IDK Spades

The Spades Hierarchy: Every Card Ranked from Big Joker to Deuce

The JJDD Ranking Table

The table below shows the complete Spade suit hierarchy in JJDD. Memorize the top five — everything else flows from knowing exactly where the power cards sit.

RankCardNotes
1Big JokerFull color — highest card in the game. Unbeatable.
2Little JokerBlack & white — loses only to the Big Joker.
32 of DiamondsThe "Big Deuce." Beats everything except the Jokers.
42 of SpadesThe "Little Deuce." Beats everything except the Jokers and 2♦.
5Ace of SpadesHighest standard Spade. Strong — but no longer safe.
6King of SpadesReliable if the Ace is already played.
7–16Q, J, 10, 9, 8, 7, 6, 5, 4, 3Descending order. Power is almost entirely situational.

Below the Ace: The Contextual Spades

Once you drop below the Ace of Spades, the value of your Spades stops being about the card itself and becomes almost entirely about the situation around it.

Just like in traditional Ace-High, if you're void in a specific suit, your low Spades become trump cards. You can cut in and take books you otherwise had no business winning. But the more suits you're holding cards in, the fewer opportunities you'll have to play your Spades — especially the low ones. A low Spade with no cutting opportunity is essentially dead weight.
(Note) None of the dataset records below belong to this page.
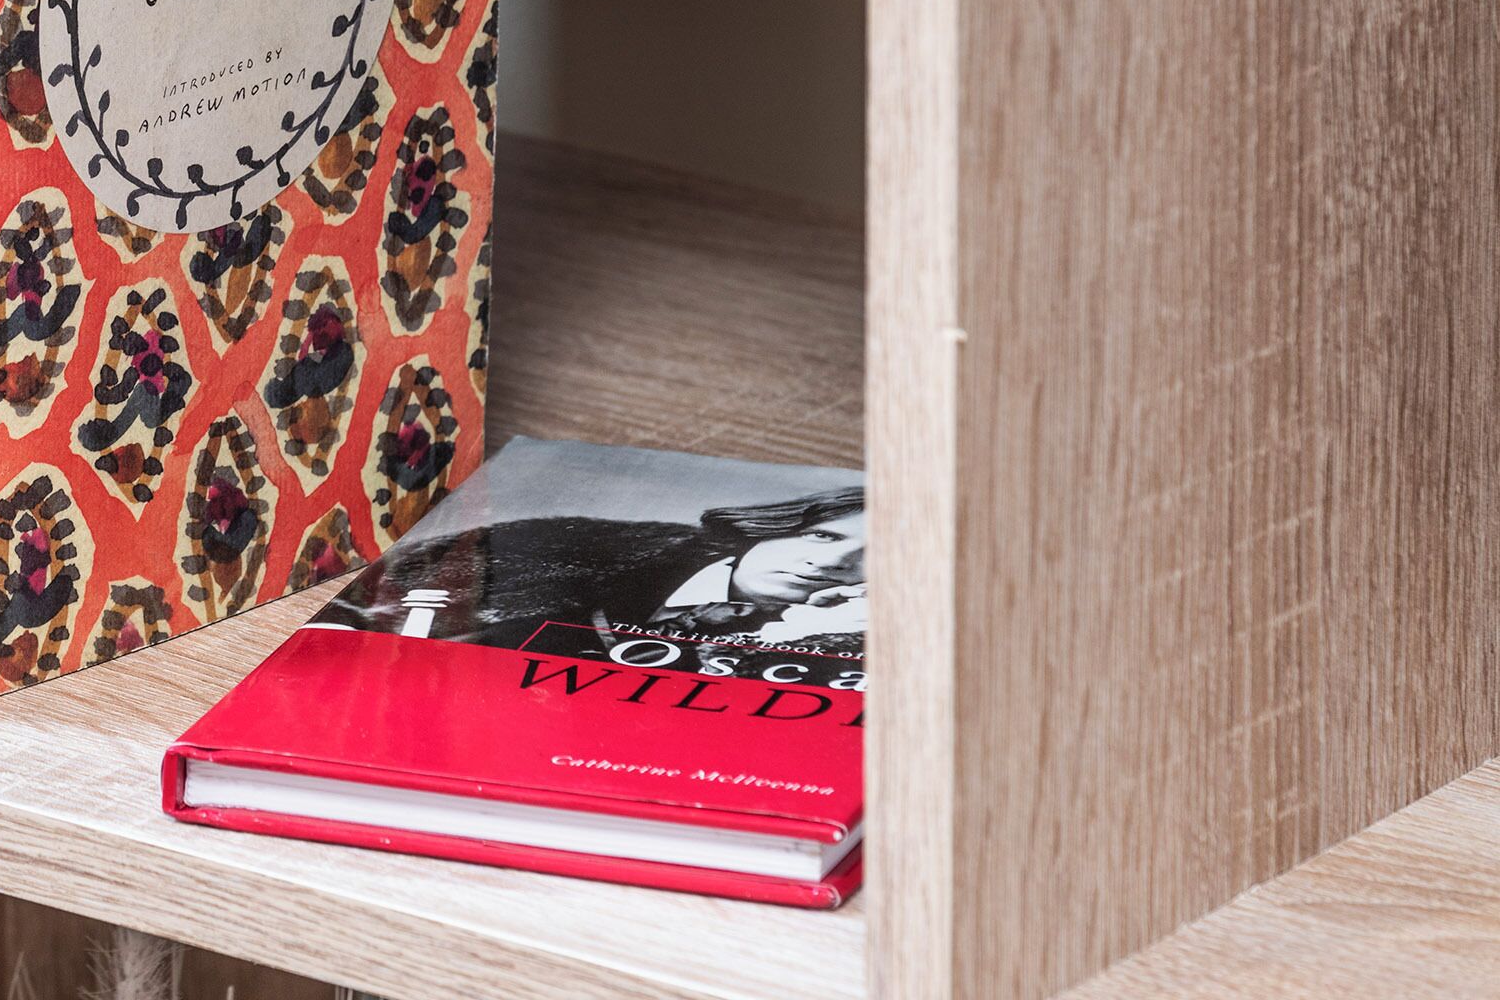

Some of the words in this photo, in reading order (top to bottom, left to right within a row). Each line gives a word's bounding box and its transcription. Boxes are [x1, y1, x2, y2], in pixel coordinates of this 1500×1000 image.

[163, 59, 254, 98] INTRODUCED
[265, 47, 284, 63] BY
[139, 96, 223, 133] ANDREW
[233, 68, 306, 102] MOTION
[612, 622, 660, 637] The
[757, 640, 824, 656] Book
[551, 755, 681, 777] Catherine
Here's how to think about your lower Spades:

  • Take stock of your voids and near-voids. Those are your cutting lanes. The fewer cards you hold in a suit, the sooner you can start cutting it.
  • Watch what your partner is cutting. If they keep cutting a specific suit, feed them that suit. Give them the opportunity to use their Spades. If they're feeding you a suit you're void in, return the favor.
  • Watch the opposing team. What are they leading? What are they cutting? Understanding their cutting lanes helps you anticipate when your low Spades might get trumped before you can use them.

Low Spades without major trump power — no Jokers, no Power 2s — aren't about dominating the table. They're about finding the right moment and the right suit to make them count. Coordination with your partner is what turns a weak Spade into a winning book.

Off-Suit High Cards: What Carries Over from Ace-High

The hierarchy table only shows Spades — but your hand is full of Hearts, Clubs, and Diamonds too. Here's the good news: for Aces and Kings in non-Spade suits, most of your Ace-High instincts still apply. An Ace of Hearts is still the top of that suit. A King of Clubs is still strong. Those instincts carry over reasonably well.

Where it gets tricky is Queens, Jacks, and anything lower — and when you're holding three or more cards in a single non-Spade suit. JJDD has more cutting power built into the deck. With the Power 2s and Jokers creating more Spade-heavy hands, and with two suits removed entirely, voids get created faster. Players run out of a suit more quickly. That means cuts happen earlier and more often than in Ace-High.

A useful rule of thumb for bidding your off-suit cards:

  • Ace and King with one other card in that suit? Reasonably safe to count both as potential books.
  • Ace and King with four or more cards in that same suit? Pump the brakes. The more cards you're holding in a suit, the more likely someone at the table is void in it and waiting to cut. Don't assume both are locks.
  • Pay attention to the total bid at the table. The higher the combined bid, the more Spades are distributed — and the more cutting is coming. Adjust your confidence in those high off-suit cards accordingly.

The Danger Zone: Cards That Feel Strong But Aren't

One of the hardest adjustments for players coming from Ace-High is accepting how little power mid and low non-Spade cards actually have in JJDD.

Ace and King in a non-Spade suit? You can still carry some confidence there. But once you drop below that — Queen, Jack, and everything under it — your entire mindset needs to shift. These cards are no longer about winning books. They're tools:

  • Use them to shed dead weight fast and create a void so you can start cutting in that suit.
  • Use them to fish out bigger cards — force the Aces and Kings out of your opponents' hands so your partner can play their high cards freely later.
  • Use them to steer the game toward your team's advantage rather than trying to win books outright.

The personal rule: never count a Jack or anything below it as a book in JJDD — not in a non-Spade suit. Those cards don't have that kind of power in this game. If you're sitting at a JJDD table counting Jacks and below as guaranteed books, you're going to overbid, and you're going to get set. Adjust your expectations before you adjust anything else.